Maureen O´Hara, la inolvidable intérprete de títulos como “El hombre tranquilo”, “Esmeralda la zíngara” o “¡Qué verde era mi valle!”, ha fallecido a los 95 años de edad. La actriz, perteneciente a la Edad de Oro de Hollywood, fue premiada con el Oscar honorífico por toda su carrera en 2014.

La familia ha emitido un comunicado confirmando la muerte por causas naturales de la actriz en su casa en Boise (Idaho) rodeada de todos los suyos.

Maureen O´Hara nació en Ranelagh, un empobrecido barrio de Dublín, el 17 de agosto de 1920 bajo el nombre de Maureen FitzSimmons. A los 14 años empezó a estudiar interpretación en el Abbey Theater, y a los 18 ya había protagonizado dos musicales.

Sin embargo, fueron Charles Laughton y Eric Pommer quienes animaron a la bella irlandesa de cabello rojizo a que cambiara su apellido por O´Hara y a que se iniciara como actriz en el cine tras firmar un contrato de siete años con Mayflower Pictures. Así, Maureen debutó en el Cine en 1939 con “La posada de Jamaica”, bajo la dirección de Alfred Hitchcock.

Ese mismo año, la actriz de ojos verdes dio vida a Esmeralda en una estupenda versión de “El jorobado de Notre Dame”, y que en España se tituló “Esmeralda la zíngara”. Su salto al estrellato condujo al inicio de una amistad con John Wayne, y que duró toda su vida.

En 1941, Maureen se convirtió en musa de John Ford en “¡Qué verde era mi valle!”, y que fue laureada con cinco Oscars, aunque ninguno para la intérprete femenina.

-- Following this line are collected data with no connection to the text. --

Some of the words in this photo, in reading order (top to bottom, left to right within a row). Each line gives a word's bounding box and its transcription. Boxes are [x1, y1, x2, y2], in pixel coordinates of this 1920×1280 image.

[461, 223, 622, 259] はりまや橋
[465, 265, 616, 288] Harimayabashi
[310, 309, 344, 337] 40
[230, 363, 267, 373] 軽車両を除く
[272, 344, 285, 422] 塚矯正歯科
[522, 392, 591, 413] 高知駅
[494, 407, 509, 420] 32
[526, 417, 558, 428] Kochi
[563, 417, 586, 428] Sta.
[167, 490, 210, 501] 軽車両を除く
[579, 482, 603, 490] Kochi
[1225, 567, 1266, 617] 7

Eso, sí, su fama aumentó como la espuma, y en tan sólo diez años rodó 40 películas, entre las que podemos destacar “Simbad el Marino”, “El cisne negro”, “Esta tierra es mía”, “Río Grande”, “Escrito bajo el sol”, “El hombre tranquilo” y “Fiebre en la sangre”.

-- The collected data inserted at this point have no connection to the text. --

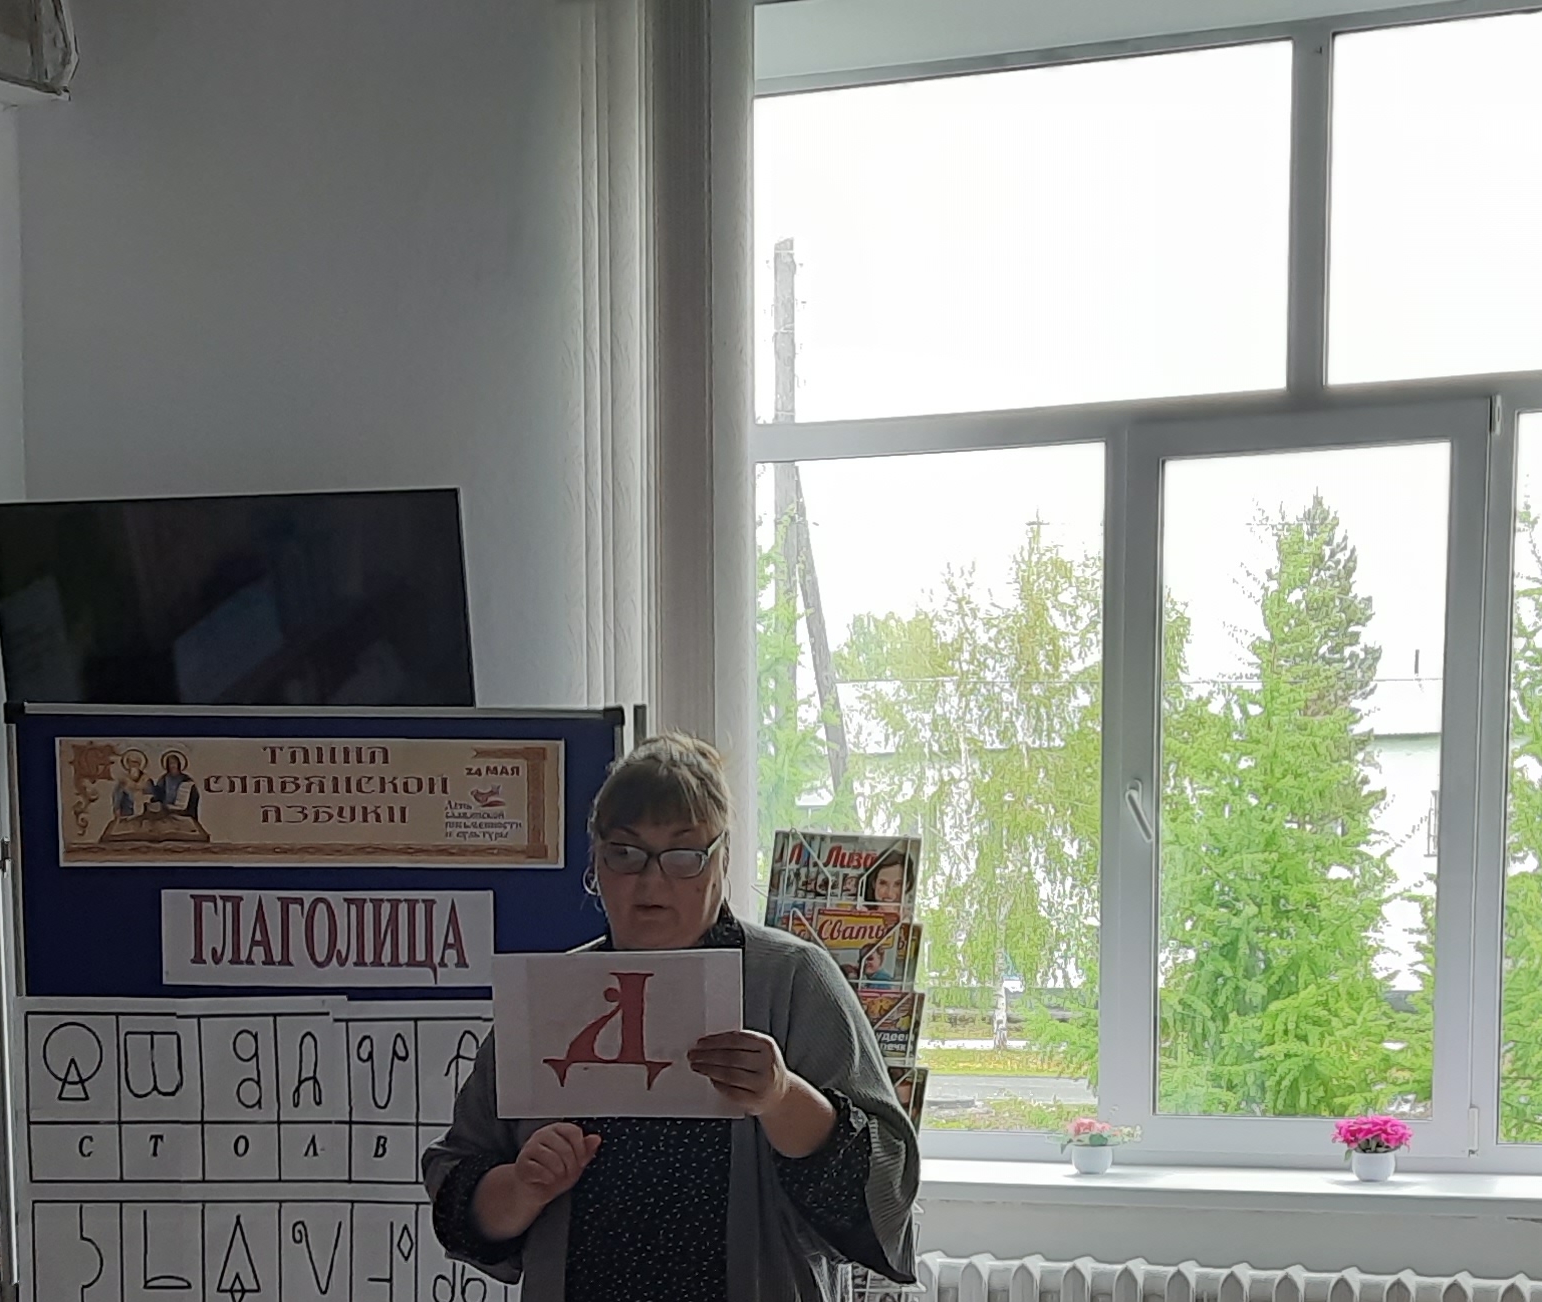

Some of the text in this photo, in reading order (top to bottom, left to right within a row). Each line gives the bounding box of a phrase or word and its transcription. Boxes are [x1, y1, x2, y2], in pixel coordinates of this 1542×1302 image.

[188, 893, 469, 984] ГЛАГОЛИЦА
[542, 972, 672, 1090] Д
[78, 1135, 94, 1159] С
[148, 1135, 165, 1159] Т
[233, 1136, 250, 1158] О
[373, 1136, 388, 1159] В

A pesar de su reconocida carrera cinematográfica, la actriz no recibió el apoyo de los académicos hasta 2014, año en el que recibió el Oscar honorífico por toda una vida dedicada al cine de manos de Liam Neeson y Clint Eastwood.

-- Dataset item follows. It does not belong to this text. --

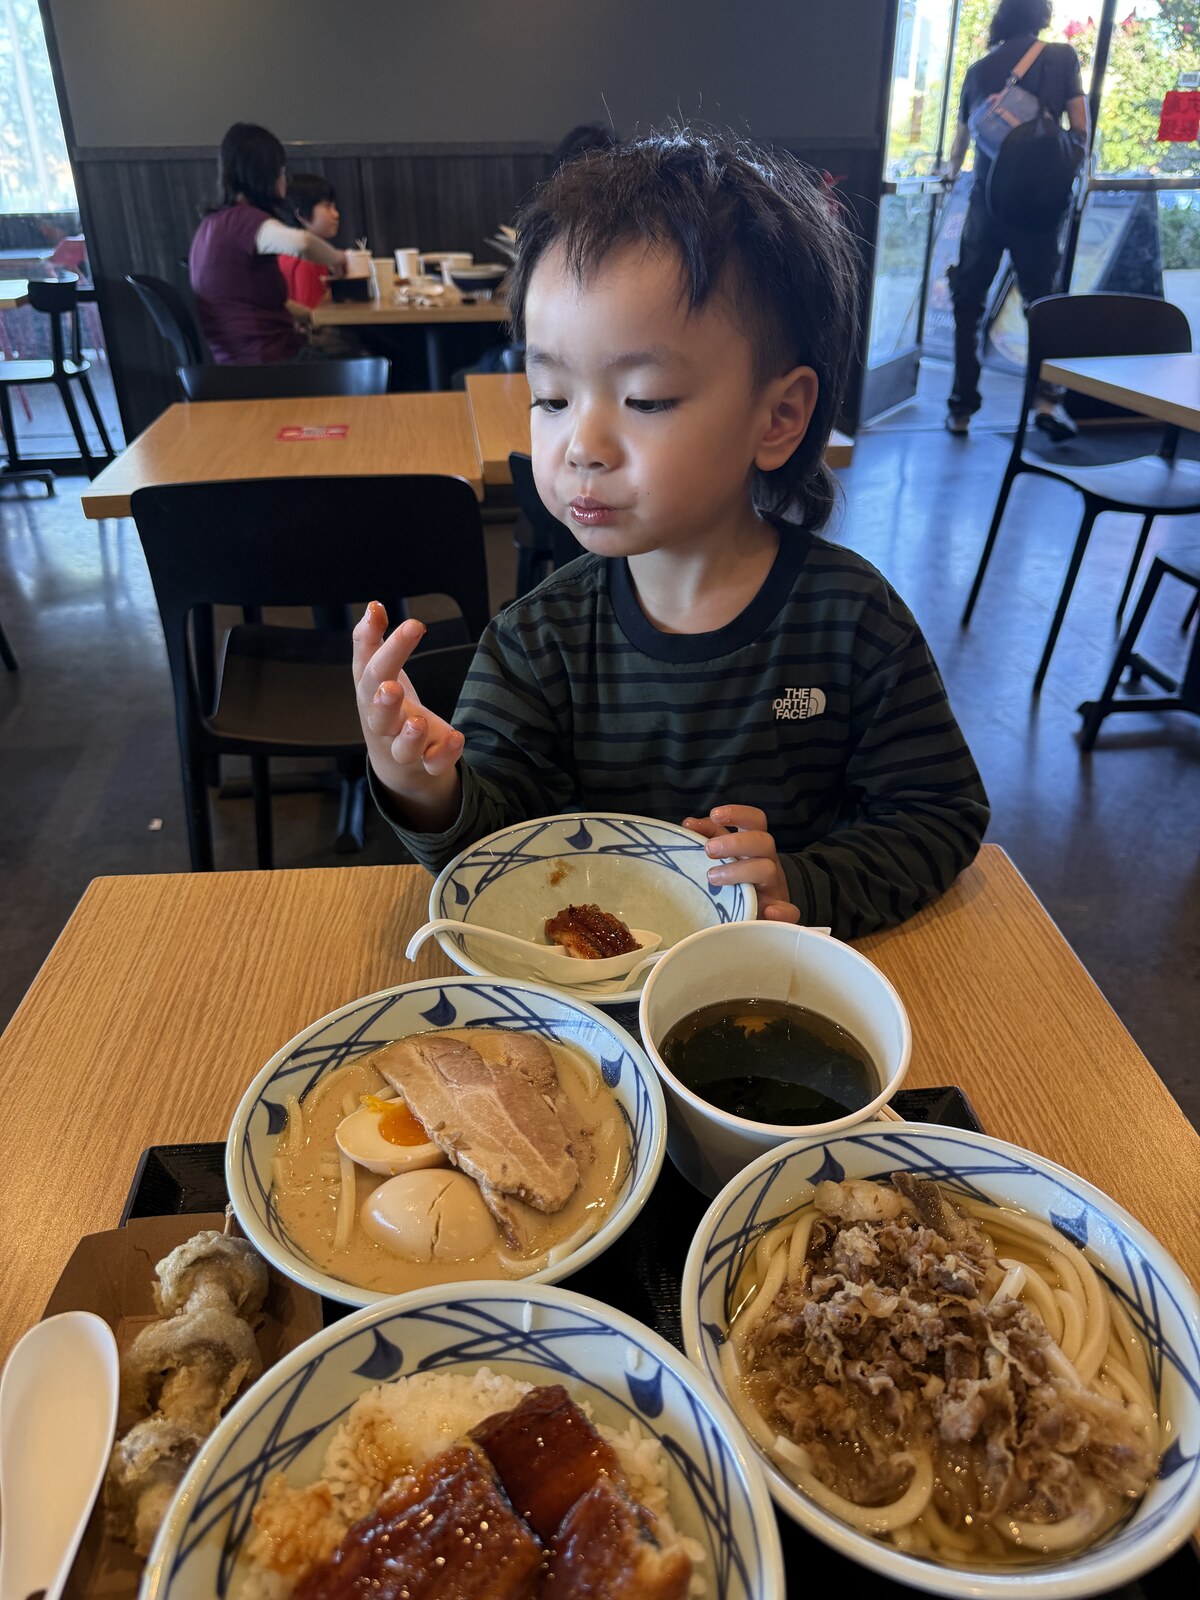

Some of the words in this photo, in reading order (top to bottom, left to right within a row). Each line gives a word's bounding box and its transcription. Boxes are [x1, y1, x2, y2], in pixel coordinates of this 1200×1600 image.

[785, 688, 810, 698] THE
[772, 699, 809, 710] ORTH
[776, 709, 807, 720] FACE

Sus últimas apariciones en la gran pantalla fueron en “Yo, tú y mamá” en 1991, y en el telefilme “El último baile” en el 2000.

Sus hermosos ojos verdes, su inolvidable melena pelirroja y, sobre todo, su talento innato para la interpretación perdurarán por siempre en nuestras retinas gracias a las numerosas películas que nos dejó para el recuerdo.